• _DESCRIPTION OF THE TASK_
From the line with "this 2048×1387 image." to the end of the data below, restate each line word for word, both ends included, without the pictures.

----

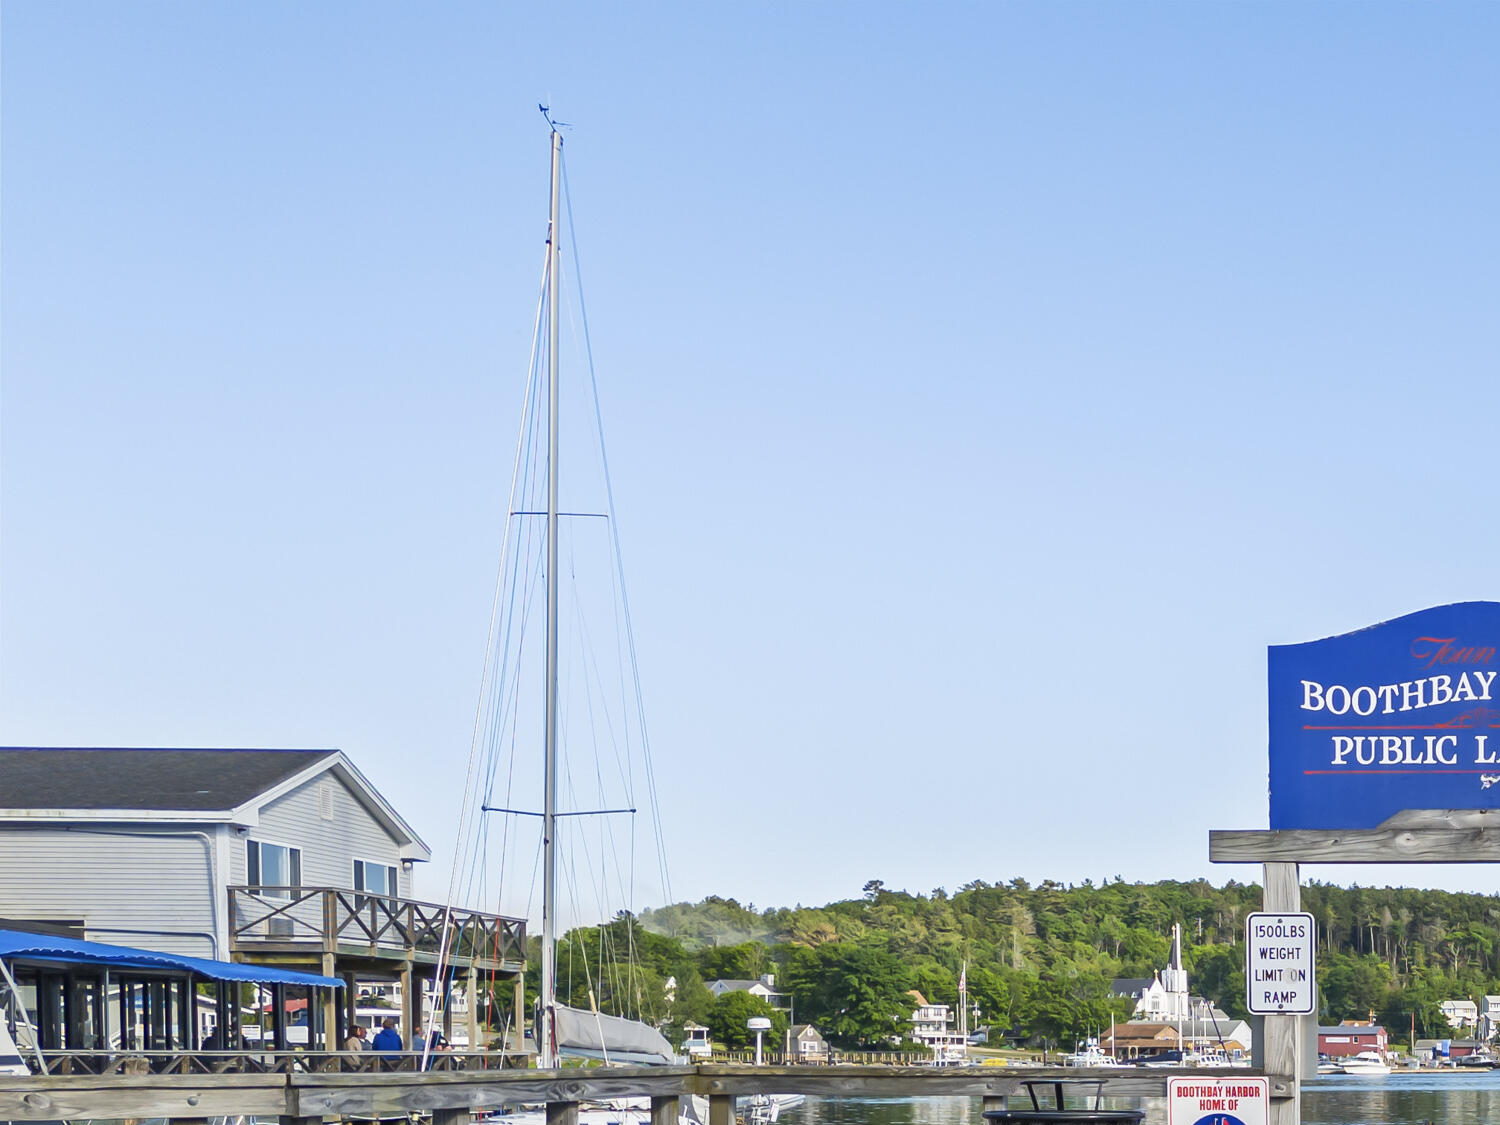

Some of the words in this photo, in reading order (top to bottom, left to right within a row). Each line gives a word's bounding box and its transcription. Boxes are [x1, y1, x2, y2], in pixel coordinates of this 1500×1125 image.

[1410, 636, 1496, 671] Town
[1300, 671, 1497, 716] BOOTHBAY
[1330, 735, 1458, 765] PUBLIC
[1255, 925, 1305, 938] 1500LBS
[1259, 947, 1301, 960] WEIGHT
[1255, 969, 1284, 982] LIMIT
[1290, 968, 1306, 982] ON
[1264, 991, 1297, 1003] RAMP
[1176, 1086, 1223, 1098] BOOTHBAY
[1225, 1086, 1260, 1098] HARBOR
[1199, 1099, 1226, 1111] HOME
[1228, 1099, 1239, 1111] OF
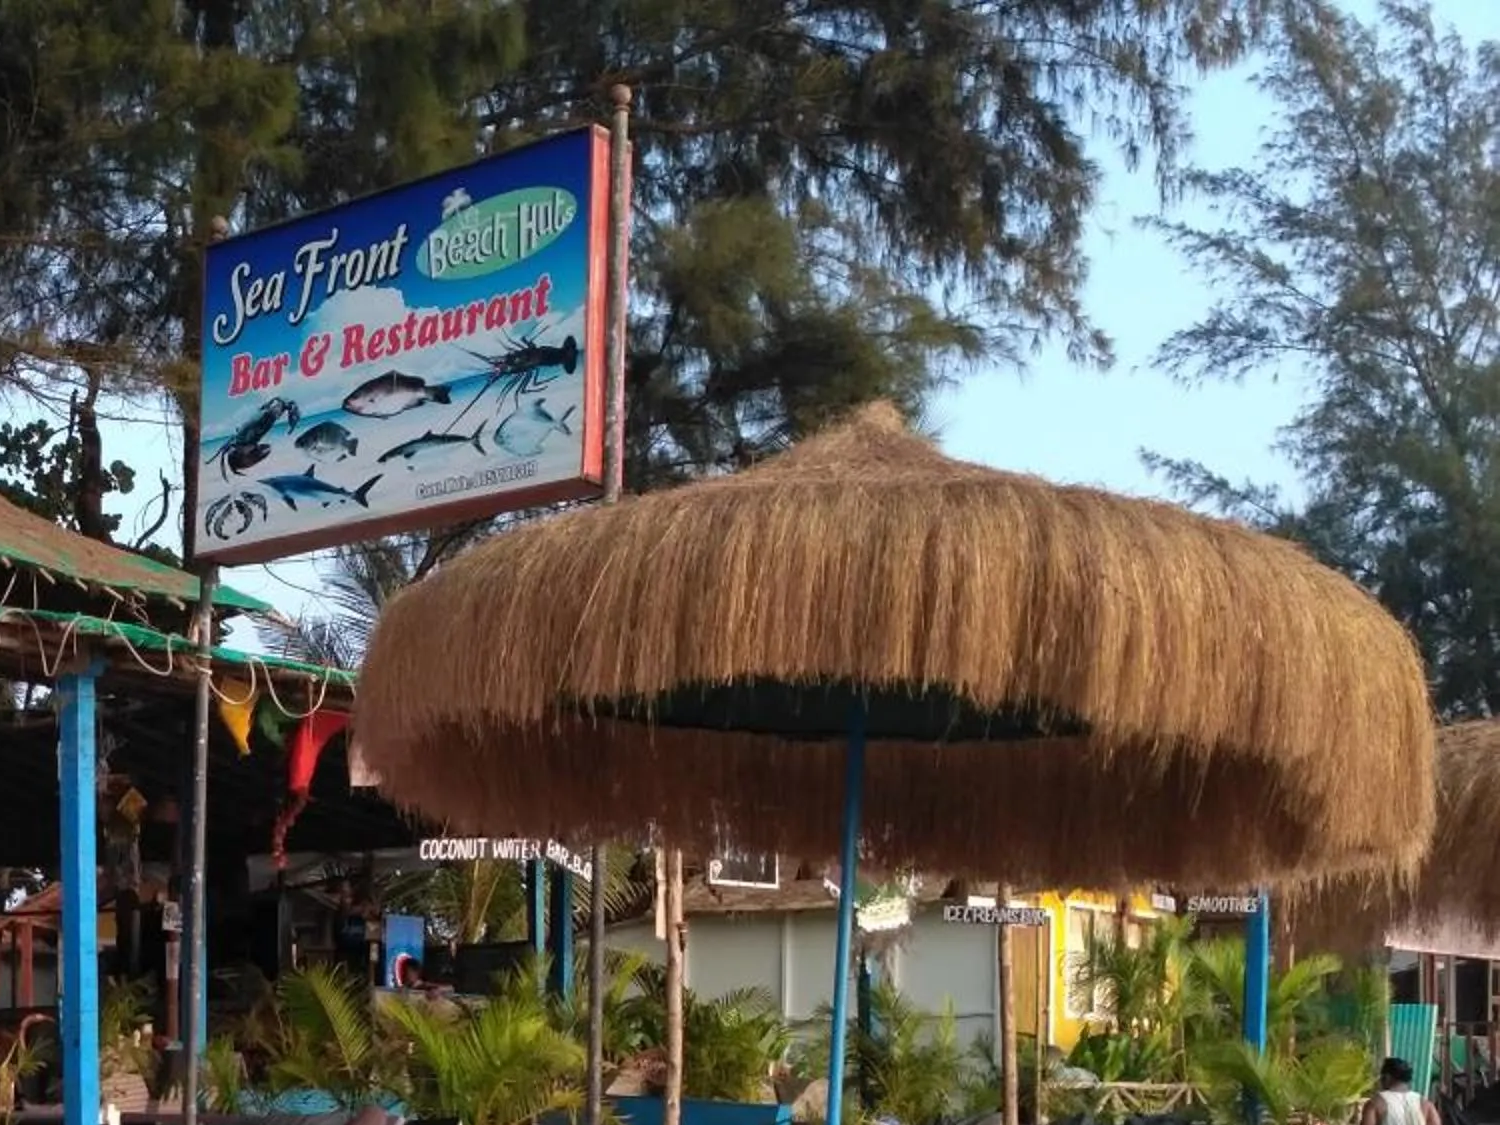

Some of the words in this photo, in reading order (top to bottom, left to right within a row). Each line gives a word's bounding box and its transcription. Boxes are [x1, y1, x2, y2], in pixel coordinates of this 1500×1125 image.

[212, 261, 285, 346] Sea
[288, 223, 408, 325] Front
[428, 217, 508, 279] Beach
[519, 190, 576, 258] Huts
[228, 351, 289, 398] Bar
[299, 331, 331, 378] &
[340, 273, 552, 373] Restaurant
[419, 837, 488, 860] COCONUT
[492, 838, 541, 860] WATER
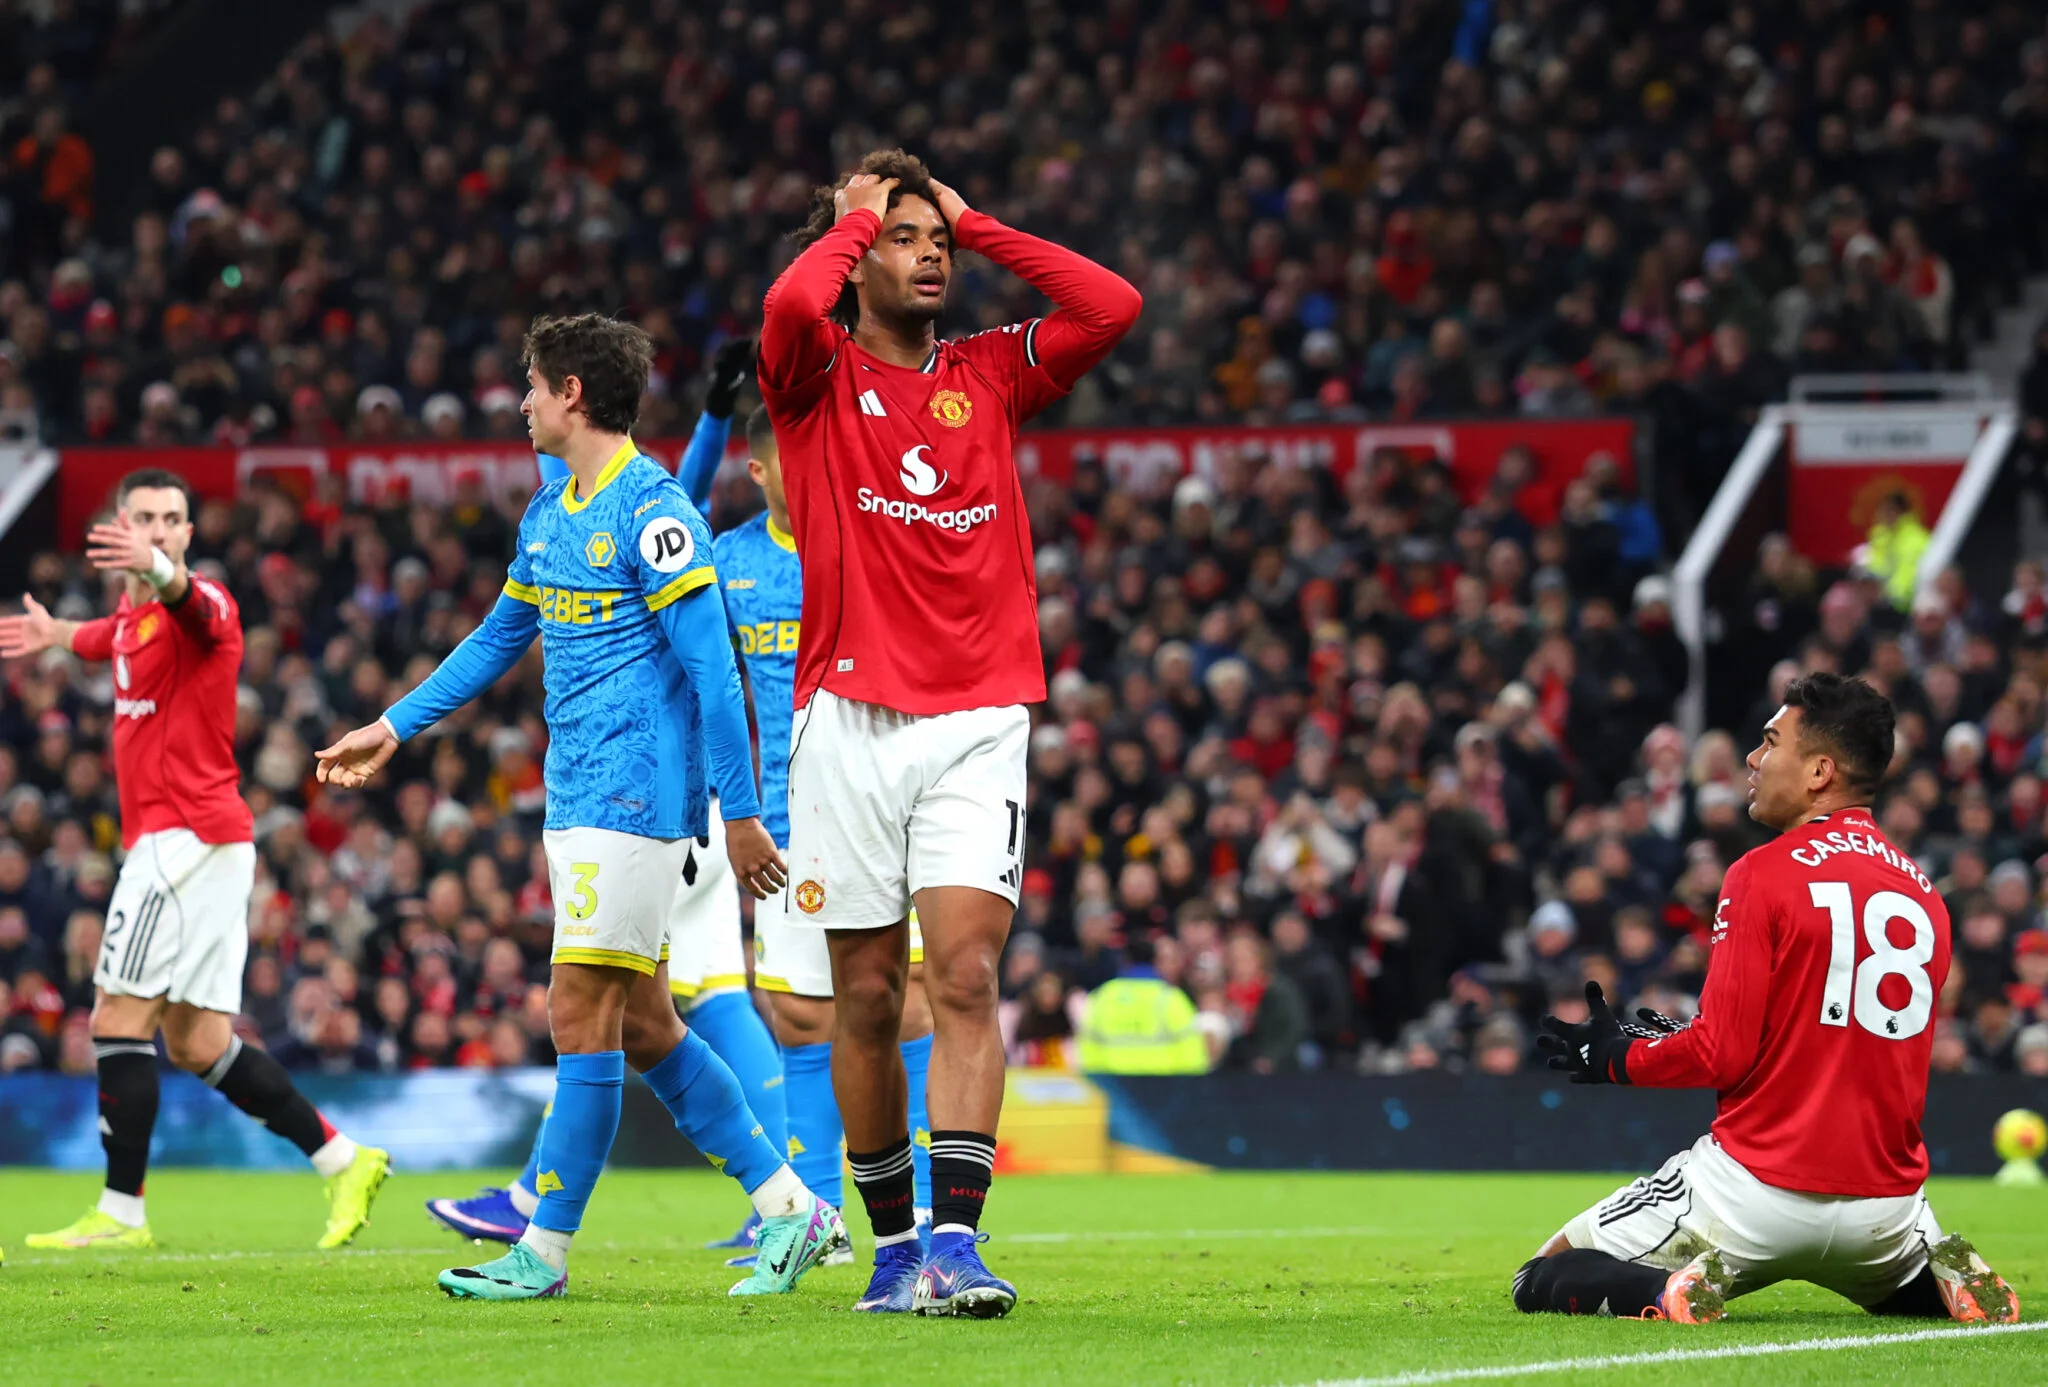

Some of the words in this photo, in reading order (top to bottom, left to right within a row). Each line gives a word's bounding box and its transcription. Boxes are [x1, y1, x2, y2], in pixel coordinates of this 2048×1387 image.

[654, 527, 686, 565] JD
[565, 862, 600, 921] 3
[1791, 831, 1932, 894] CASEMIRO
[1808, 881, 1936, 1040] 18
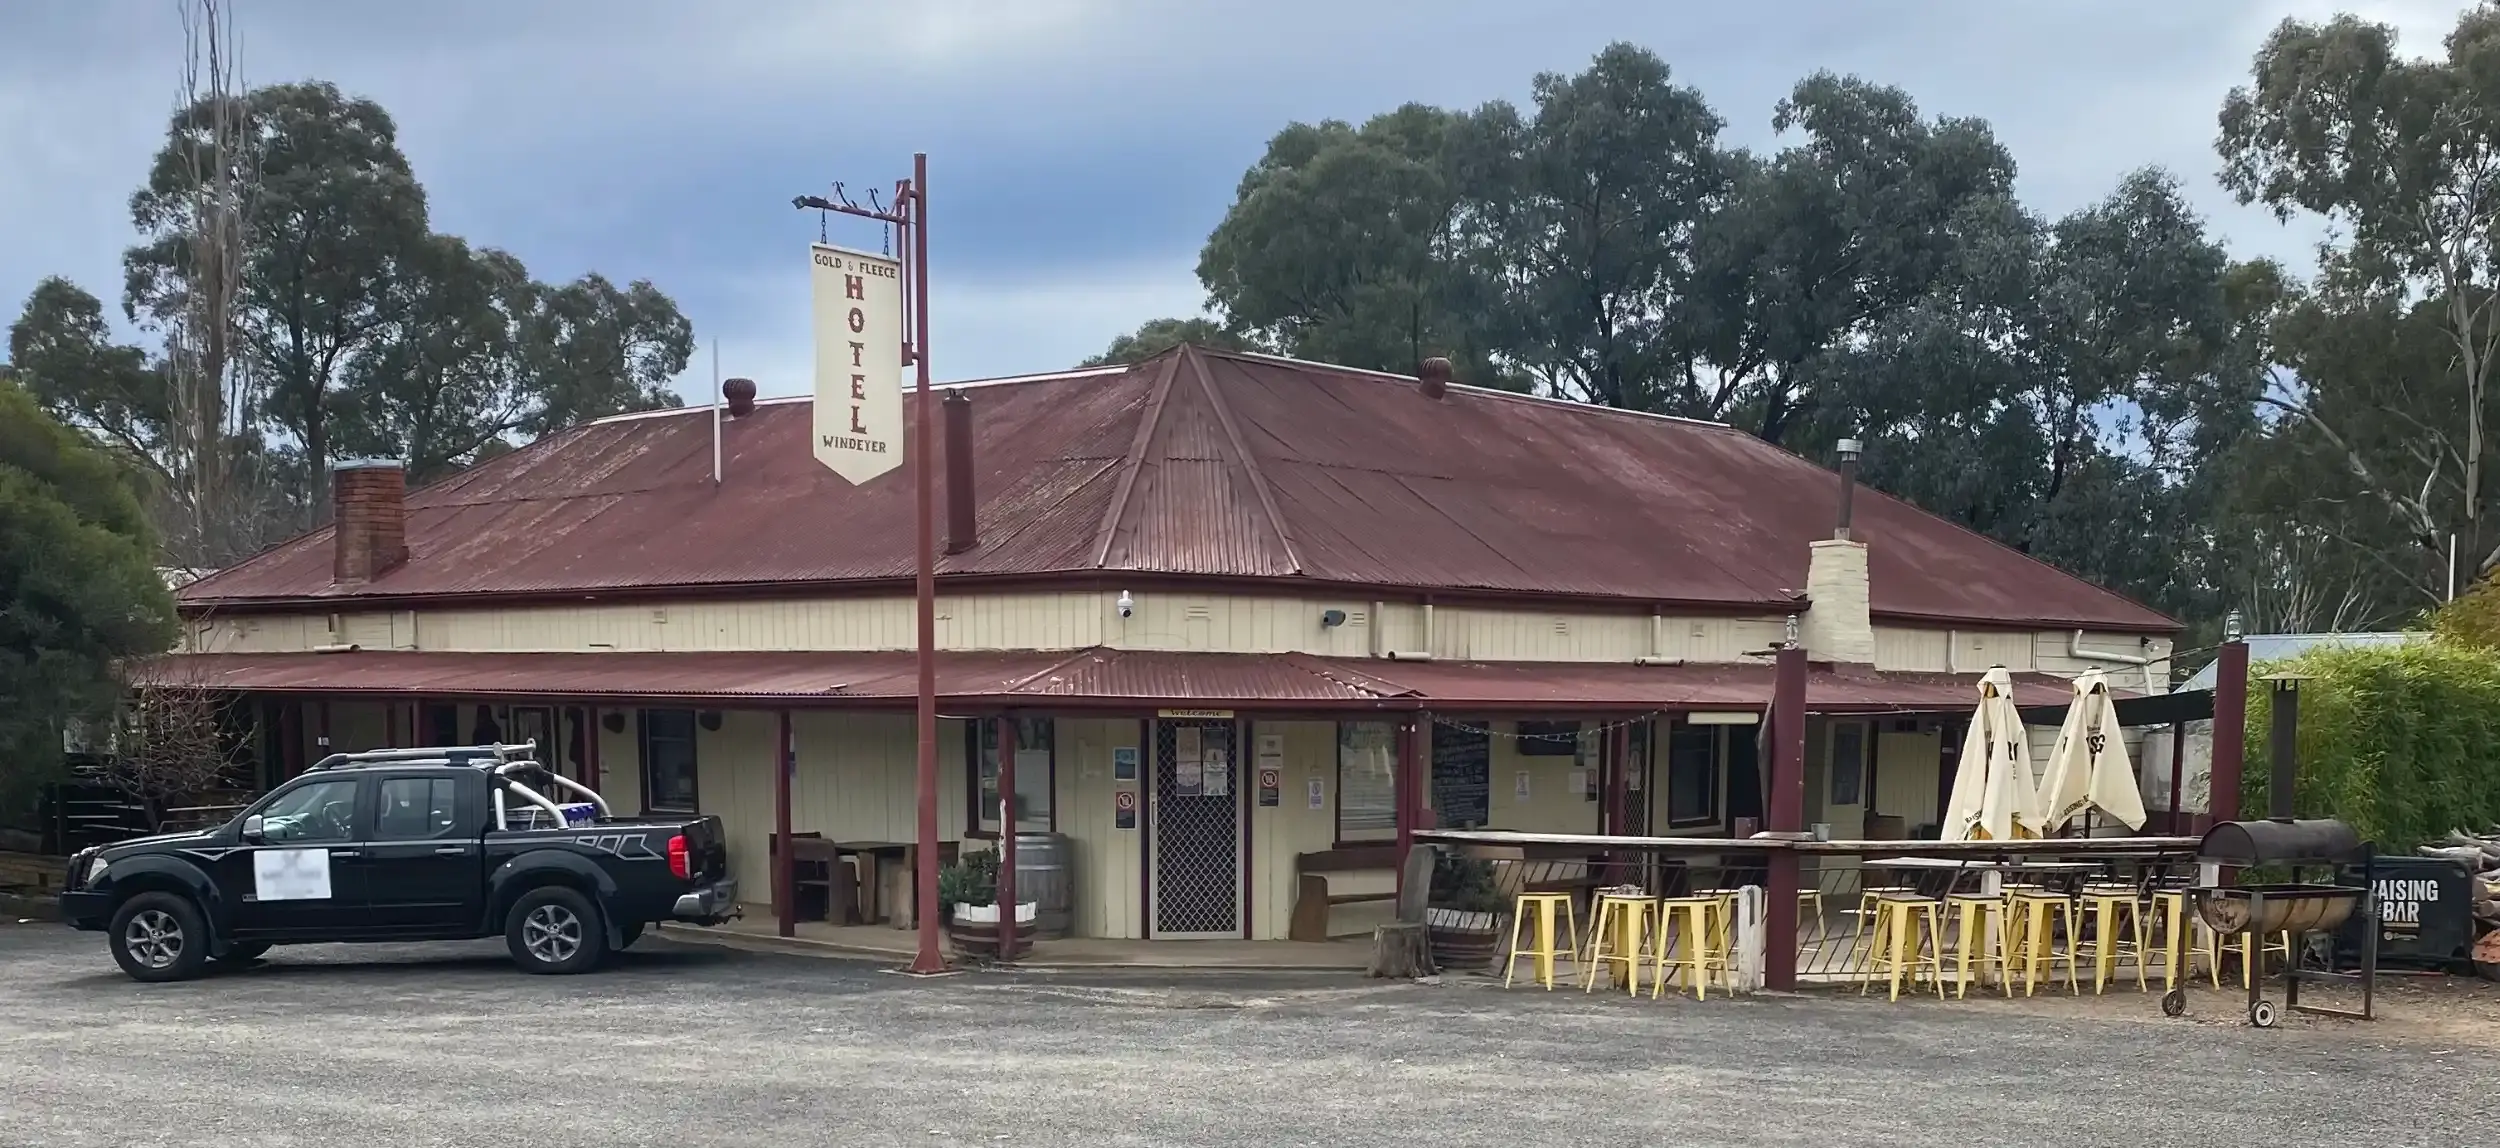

----

• _ANSWER FOR THIS EXERCISE_
Some of the words in this photo, in reading order (top to bottom, left to right within a row). Each line gives a word's bounding box and its transcription. Boxes are [x1, y1, x2, y2], in pixel coordinates of this 2048×1387 image.

[654, 527, 686, 565] JD
[565, 862, 600, 921] 3
[1791, 831, 1932, 894] CASEMIRO
[1808, 881, 1936, 1040] 18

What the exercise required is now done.